Hawker Restorations began as AJD Engineering, founded in 1987 by vintage aircraft enthusiast and electronics expert Tony Ditheridge, toolmaker Graham Self and carpenter Richard Watson, with the intention of restoring WWI fighters and high-performance racing and aerobatic aeroplanes.
AJD’s first major contract was awarded by the Chilean government, which asked us to manufacture a 1914 Bristol M1C to celebrate the famous first flight over the Andes by Dagoberto Godoy in December 1918. The commission was quite a challenge, as we had less than four months in which to build the aircraft from scratch and fly it at an air show in Chile, but we succeeded and subsequently received further orders for a Bleriot, an Avro 504k and a Royal Aircraft Factory SE5a, typical of the aircraft flown in the early years of Chilean aviation. We went on to supply more than 20 more early aircraft types to museums around the world, including the iconic Sopwith Camel, the Sopwith Pup and the Spad 13.
We also manufactured and restored a variety high-performance machines including the aerobatic Laser/Extra 200 and a Travel Air Type R ‘Mystery Ship’ originally raced by Pancho Barnes in 1928. Another high-profile commission involved rebuilding the famous 1937 Percival Mew Gull, G-AEXF, in which Alex Henshaw set the England to Cape Town record in 1939. A further replica of G-AEXF in its 1939 configuration was then built from scratch, funded by Henshaw himself, and may now be seen in the RAF Museum at Hendon. You may discover more about our early aircraft work on our Restoration Projects pages.
During this period we also acquired the remains of two Hawker Hurricanes, and conducted a feasibility study into the possibility of restoring them to flying condition. It was very soon clear that the Hurricane’s complex structure made it a much more difficult proposition than the monocoque Spitfire and other more conventional fighters, and that the costs involved in the remanufacture of raw materials, the creation of specialised tooling and roll forming were not affordable. The projects were consequently put on hold.

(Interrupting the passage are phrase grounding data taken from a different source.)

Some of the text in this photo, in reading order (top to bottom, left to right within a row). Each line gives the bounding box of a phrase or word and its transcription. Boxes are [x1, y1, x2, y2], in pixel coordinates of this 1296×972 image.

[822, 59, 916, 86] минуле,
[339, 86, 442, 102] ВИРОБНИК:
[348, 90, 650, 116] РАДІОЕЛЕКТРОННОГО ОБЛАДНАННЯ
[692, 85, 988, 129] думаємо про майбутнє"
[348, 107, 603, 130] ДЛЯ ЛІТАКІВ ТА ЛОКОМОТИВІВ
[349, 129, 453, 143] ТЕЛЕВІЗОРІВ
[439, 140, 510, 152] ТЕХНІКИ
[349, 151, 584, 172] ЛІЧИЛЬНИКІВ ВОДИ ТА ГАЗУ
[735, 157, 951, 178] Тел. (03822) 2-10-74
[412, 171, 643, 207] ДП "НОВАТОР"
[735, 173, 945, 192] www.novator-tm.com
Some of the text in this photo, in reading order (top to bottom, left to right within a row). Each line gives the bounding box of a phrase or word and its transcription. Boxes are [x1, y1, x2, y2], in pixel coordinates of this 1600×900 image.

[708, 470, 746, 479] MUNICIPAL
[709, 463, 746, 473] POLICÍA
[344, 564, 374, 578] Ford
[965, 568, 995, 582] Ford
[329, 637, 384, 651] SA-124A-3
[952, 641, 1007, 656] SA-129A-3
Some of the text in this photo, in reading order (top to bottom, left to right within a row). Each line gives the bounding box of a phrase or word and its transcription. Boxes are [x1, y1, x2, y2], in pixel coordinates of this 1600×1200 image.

In 1993 we supplied a WWI SE5a to world-renowned warbird collector Sir Tim Wallis in New Zealand. Having recently acquired a Hawker Hurricane P3717 from Russia with a view to restoring it and adding to his extensive fleet of WWII fighters, Sir Tim made enquiries with several engineers and offered the project to AJD Engineering, aware that we had already evaluated its feasibility. It was agreed that the restoration of three aircraft would make the job financially viable and we decided to proceed together as Hawker Restorations Ltd, with Sir Tim funding the raw materials, jigs, tools and document acquisition.
Naturally the first of our restored Hurricanes went to Sir Tim in New Zealand. The second was purchased by Microsoft co-founder Paul Allen, and the third by Steven Grey of The Fighter Collection at Duxford. We have since built seven more, which are based in the UK, USA, Canada and France.
Clearly, without the vision, enthusiasm and commitment of Sir Tim Wallis, there would be even fewer than 15 Hurricanes flying in the world today. Unfortunately, Tim suffered an accident in 1996 whilst flying a Griffon powered Spitfire MkXIV. This ended his flying career and Hawker Restorations was eventually taken over by Tony Ditheridge alone.
We have continued to develop our expertise, skills and tooling, and although the Hurricane remains central to our activities we have in the last few years rebuilt or been involved with a number other fighter aircraft including the Spitfire, Mustang, Corsair and Yak. Meanwhile the passion for WWI aircraft continues with the total restoration of an original 1917 SE5a. We are also building a perfect Avro 504k replica, complete with rotary engine.
Our hangars currently hold three Hurricanes. One is a Battle of France survivor and the others are Battle of Britain fighters. One of these is being reconfigured as a two-seater, only the second ever built, in order that more enthusiasts may enjoy the extremely rare privilege of flying in the aircraft that saved Britain, and arguably the world, in the summer of 1940.
Hawker Restorations has an ambitious expansion programme for the coming 18 months, with plans not only to expand our facilities with a CNC workshop but to relocate to larger airfield premises, enabling us to take on more projects in future.